● WHAT TO PRODUCE
The lines to be copied run from the one containing "this 1620×1080 image." to the end of the material below; reproduce them exactly, including both ends, and nothing more.

● RECORD SET
========

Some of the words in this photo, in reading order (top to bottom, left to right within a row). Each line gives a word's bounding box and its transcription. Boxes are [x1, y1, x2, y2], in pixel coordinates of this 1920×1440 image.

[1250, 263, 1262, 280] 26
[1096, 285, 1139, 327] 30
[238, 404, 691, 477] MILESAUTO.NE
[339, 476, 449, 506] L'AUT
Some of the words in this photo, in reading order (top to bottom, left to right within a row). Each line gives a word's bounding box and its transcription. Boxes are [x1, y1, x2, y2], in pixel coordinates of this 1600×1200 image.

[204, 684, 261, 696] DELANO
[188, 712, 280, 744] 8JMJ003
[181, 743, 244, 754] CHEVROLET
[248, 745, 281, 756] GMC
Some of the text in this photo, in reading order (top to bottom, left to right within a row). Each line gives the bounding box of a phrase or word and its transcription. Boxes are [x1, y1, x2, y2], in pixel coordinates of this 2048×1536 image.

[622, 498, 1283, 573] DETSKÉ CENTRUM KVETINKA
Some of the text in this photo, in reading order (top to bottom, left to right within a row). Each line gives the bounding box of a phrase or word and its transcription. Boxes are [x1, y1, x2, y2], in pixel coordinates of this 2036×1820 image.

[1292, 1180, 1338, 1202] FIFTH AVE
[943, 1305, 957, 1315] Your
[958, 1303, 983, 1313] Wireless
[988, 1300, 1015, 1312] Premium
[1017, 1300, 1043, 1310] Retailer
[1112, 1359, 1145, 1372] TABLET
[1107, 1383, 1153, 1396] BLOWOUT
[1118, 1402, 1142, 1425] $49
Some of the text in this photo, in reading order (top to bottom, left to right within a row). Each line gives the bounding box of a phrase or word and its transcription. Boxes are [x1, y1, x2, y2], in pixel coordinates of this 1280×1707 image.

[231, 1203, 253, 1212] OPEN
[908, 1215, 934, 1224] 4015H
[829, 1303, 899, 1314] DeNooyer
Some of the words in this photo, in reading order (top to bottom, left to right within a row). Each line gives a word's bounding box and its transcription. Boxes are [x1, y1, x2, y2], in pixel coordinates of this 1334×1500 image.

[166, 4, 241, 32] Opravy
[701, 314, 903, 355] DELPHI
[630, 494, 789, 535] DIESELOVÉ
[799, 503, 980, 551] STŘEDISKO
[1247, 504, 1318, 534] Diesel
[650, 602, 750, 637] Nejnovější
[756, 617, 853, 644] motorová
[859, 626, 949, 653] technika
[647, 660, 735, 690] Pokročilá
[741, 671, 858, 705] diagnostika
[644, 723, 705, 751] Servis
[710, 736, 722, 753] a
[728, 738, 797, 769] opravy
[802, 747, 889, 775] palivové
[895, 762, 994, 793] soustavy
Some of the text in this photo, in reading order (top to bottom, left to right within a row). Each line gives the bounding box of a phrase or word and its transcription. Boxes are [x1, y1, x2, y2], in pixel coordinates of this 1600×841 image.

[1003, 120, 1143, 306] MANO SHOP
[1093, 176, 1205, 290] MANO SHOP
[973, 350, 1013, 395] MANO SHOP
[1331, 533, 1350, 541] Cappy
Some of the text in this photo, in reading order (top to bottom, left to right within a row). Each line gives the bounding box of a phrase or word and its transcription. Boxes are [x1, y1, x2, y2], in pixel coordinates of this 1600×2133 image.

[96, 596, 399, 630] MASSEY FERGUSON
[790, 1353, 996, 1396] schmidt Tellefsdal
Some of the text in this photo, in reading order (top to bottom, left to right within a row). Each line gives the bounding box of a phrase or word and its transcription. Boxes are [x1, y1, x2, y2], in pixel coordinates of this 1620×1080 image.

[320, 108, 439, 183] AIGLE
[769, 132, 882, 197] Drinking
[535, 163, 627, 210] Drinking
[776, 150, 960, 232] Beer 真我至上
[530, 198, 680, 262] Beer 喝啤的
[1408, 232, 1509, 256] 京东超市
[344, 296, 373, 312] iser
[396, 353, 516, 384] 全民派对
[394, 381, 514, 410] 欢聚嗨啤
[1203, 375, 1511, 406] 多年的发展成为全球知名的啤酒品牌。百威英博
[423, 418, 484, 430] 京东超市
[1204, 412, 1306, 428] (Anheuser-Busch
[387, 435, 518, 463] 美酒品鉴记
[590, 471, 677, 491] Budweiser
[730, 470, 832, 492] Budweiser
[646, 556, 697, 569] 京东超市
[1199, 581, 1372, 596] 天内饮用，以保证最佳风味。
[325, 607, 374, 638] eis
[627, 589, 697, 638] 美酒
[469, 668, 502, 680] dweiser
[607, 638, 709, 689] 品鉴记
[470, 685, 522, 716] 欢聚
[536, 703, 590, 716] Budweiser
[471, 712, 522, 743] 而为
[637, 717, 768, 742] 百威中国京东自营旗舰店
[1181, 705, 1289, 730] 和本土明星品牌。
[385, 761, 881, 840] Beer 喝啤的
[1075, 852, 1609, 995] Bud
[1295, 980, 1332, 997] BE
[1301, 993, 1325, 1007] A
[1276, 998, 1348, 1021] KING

========

● ANSWER BOX
Some of the text in this photo, in reading order (top to bottom, left to right within a row). Each line gives the bounding box of a phrase or word and its transcription. Boxes are [x1, y1, x2, y2], in pixel coordinates of this 1620×1080 image.

[320, 108, 439, 183] AIGLE
[769, 132, 882, 197] Drinking
[535, 163, 627, 210] Drinking
[776, 150, 960, 232] Beer 真我至上
[530, 198, 680, 262] Beer 喝啤的
[1408, 232, 1509, 256] 京东超市
[344, 296, 373, 312] iser
[396, 353, 516, 384] 全民派对
[394, 381, 514, 410] 欢聚嗨啤
[1203, 375, 1511, 406] 多年的发展成为全球知名的啤酒品牌。百威英博
[423, 418, 484, 430] 京东超市
[1204, 412, 1306, 428] (Anheuser-Busch
[387, 435, 518, 463] 美酒品鉴记
[590, 471, 677, 491] Budweiser
[730, 470, 832, 492] Budweiser
[646, 556, 697, 569] 京东超市
[1199, 581, 1372, 596] 天内饮用，以保证最佳风味。
[325, 607, 374, 638] eis
[627, 589, 697, 638] 美酒
[469, 668, 502, 680] dweiser
[607, 638, 709, 689] 品鉴记
[470, 685, 522, 716] 欢聚
[536, 703, 590, 716] Budweiser
[471, 712, 522, 743] 而为
[637, 717, 768, 742] 百威中国京东自营旗舰店
[1181, 705, 1289, 730] 和本土明星品牌。
[385, 761, 881, 840] Beer 喝啤的
[1075, 852, 1609, 995] Bud
[1295, 980, 1332, 997] BE
[1301, 993, 1325, 1007] A
[1276, 998, 1348, 1021] KING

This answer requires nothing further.